- Task objective
The pictures stay out; all of the data is to be printed exactly.

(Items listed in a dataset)
--*--

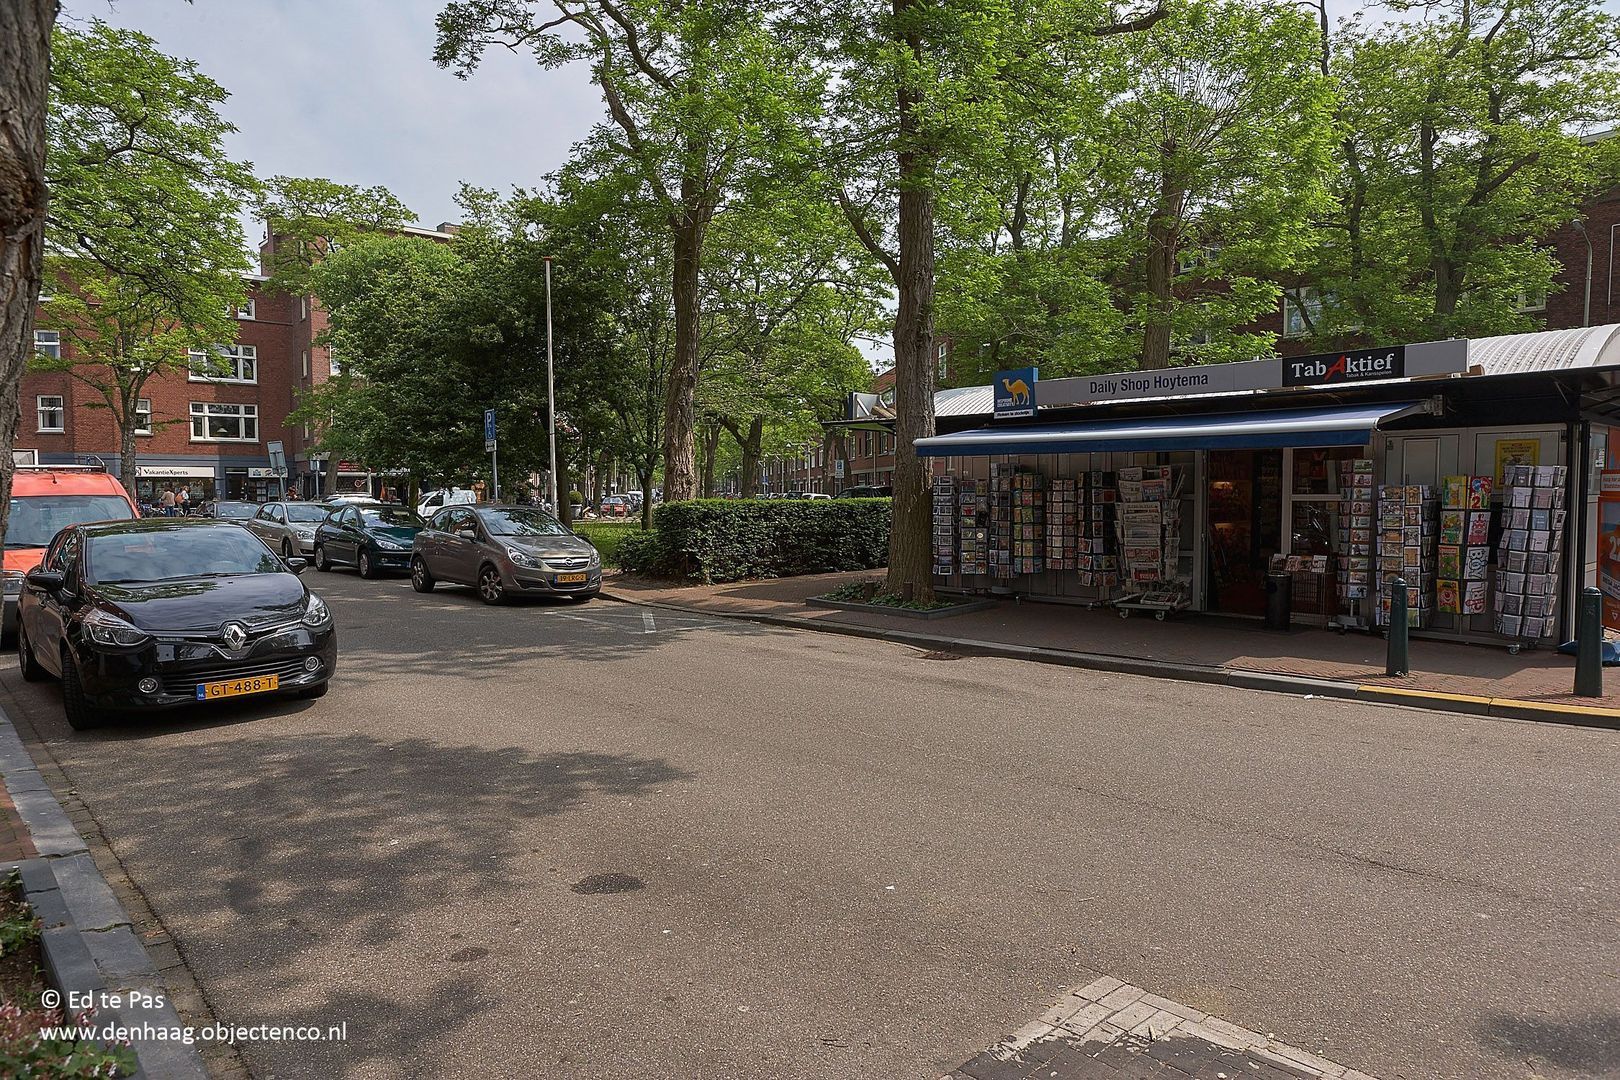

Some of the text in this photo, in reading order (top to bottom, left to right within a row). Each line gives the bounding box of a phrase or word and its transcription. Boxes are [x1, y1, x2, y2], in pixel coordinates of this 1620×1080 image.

[1291, 353, 1395, 382] TabAktief
[1090, 374, 1209, 395] Daily Shop Hoytema
[143, 468, 189, 476] VakantieXperts
[211, 677, 274, 696] GT-488-T
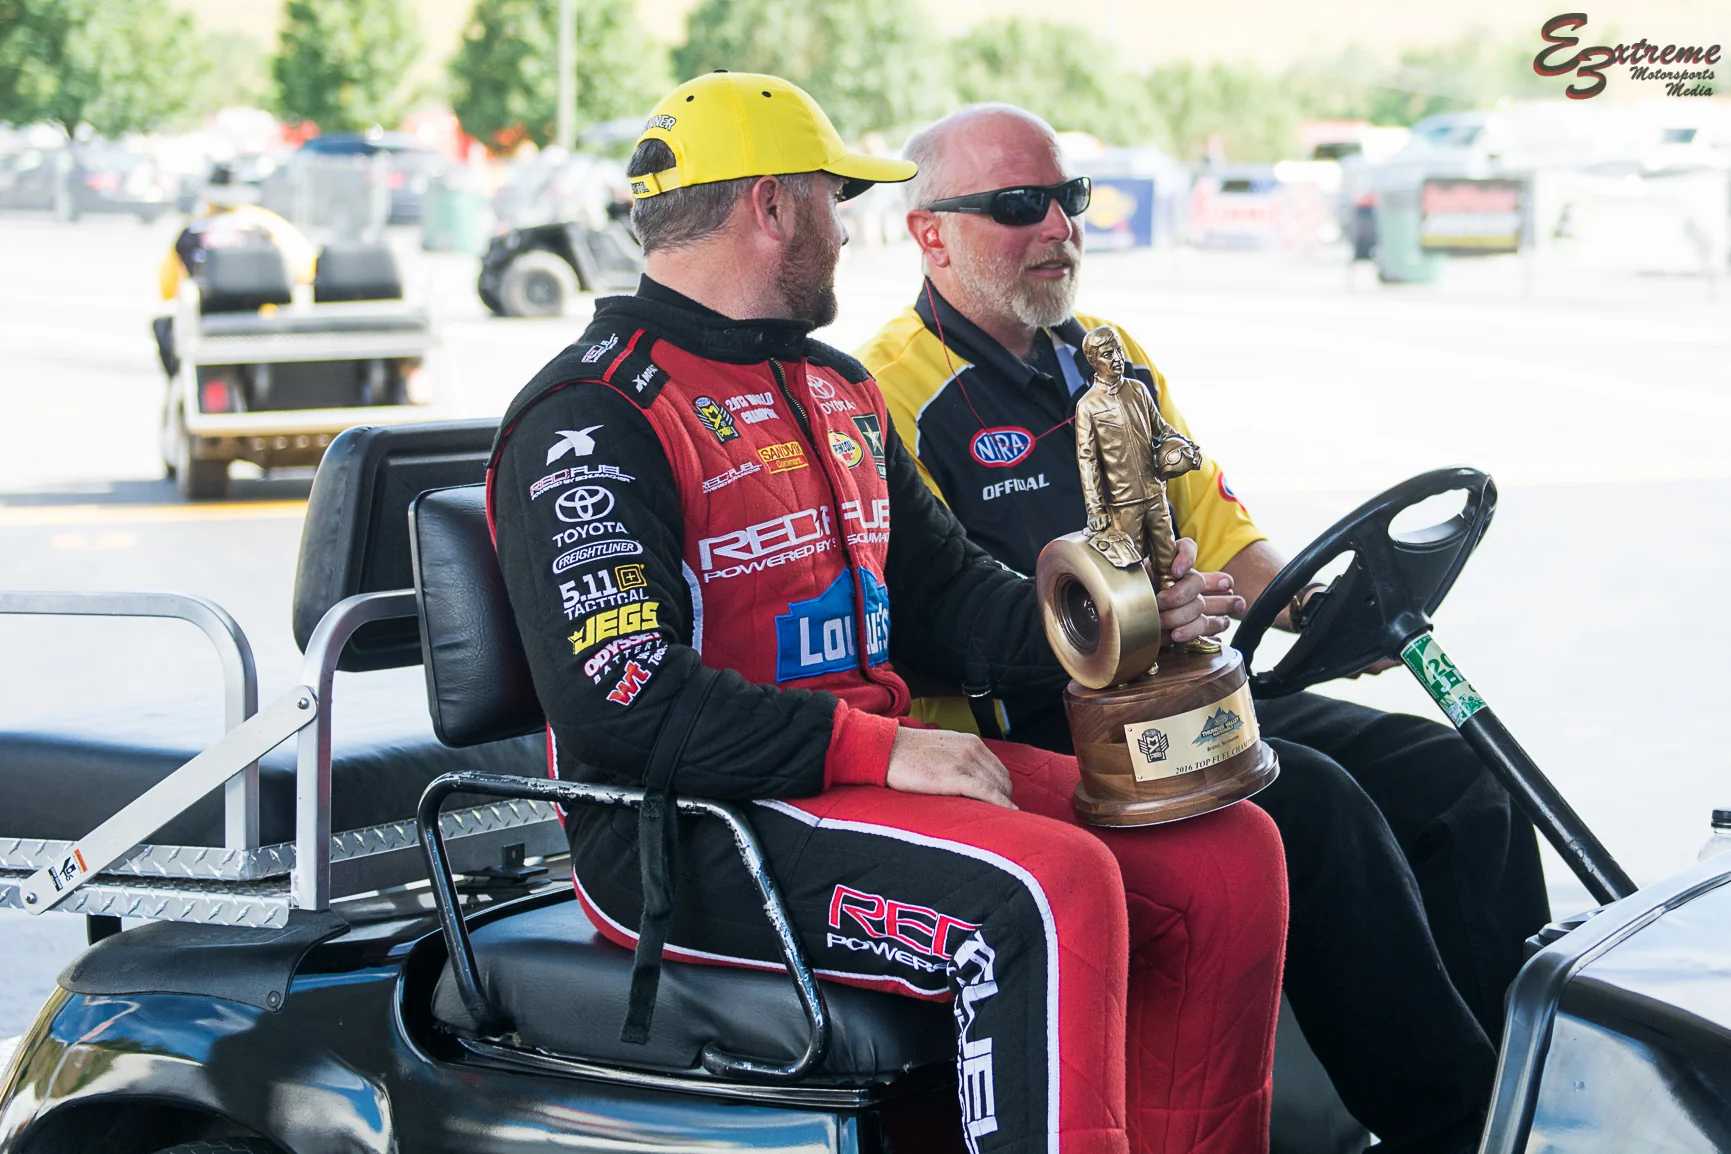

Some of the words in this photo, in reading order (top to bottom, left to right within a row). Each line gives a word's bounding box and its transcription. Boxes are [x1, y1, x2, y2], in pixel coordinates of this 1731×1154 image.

[552, 521, 630, 548] TOYOTA
[558, 542, 635, 570] FREIGHTLINER
[703, 544, 815, 583] POWERED
[815, 540, 832, 554] BY
[559, 569, 618, 609] 5.11
[564, 588, 650, 621] TACTICAL
[568, 602, 661, 655] JEGS
[594, 639, 662, 685] BATTERY
[1175, 765, 1193, 774] 2016
[1195, 758, 1211, 769] TOP
[1212, 751, 1230, 763] FUEL

--*--

- Response for this exercise
Some of the text in this photo, in reading order (top to bottom, left to right within a row). Each line gives the bounding box of a phrase or word and its transcription. Boxes are [x1, y1, x2, y2], in pixel coordinates of this 1620×1080 image.

[1291, 353, 1395, 382] TabAktief
[1090, 374, 1209, 395] Daily Shop Hoytema
[143, 468, 189, 476] VakantieXperts
[211, 677, 274, 696] GT-488-T

Some of the words in this photo, in reading order (top to bottom, left to right within a row). Each line gives a word's bounding box and its transcription. Boxes are [x1, y1, x2, y2], in pixel coordinates of this 1731×1154 image.

[552, 521, 630, 548] TOYOTA
[558, 542, 635, 570] FREIGHTLINER
[703, 544, 815, 583] POWERED
[815, 540, 832, 554] BY
[559, 569, 618, 609] 5.11
[564, 588, 650, 621] TACTICAL
[568, 602, 661, 655] JEGS
[594, 639, 662, 685] BATTERY
[1175, 765, 1193, 774] 2016
[1195, 758, 1211, 769] TOP
[1212, 751, 1230, 763] FUEL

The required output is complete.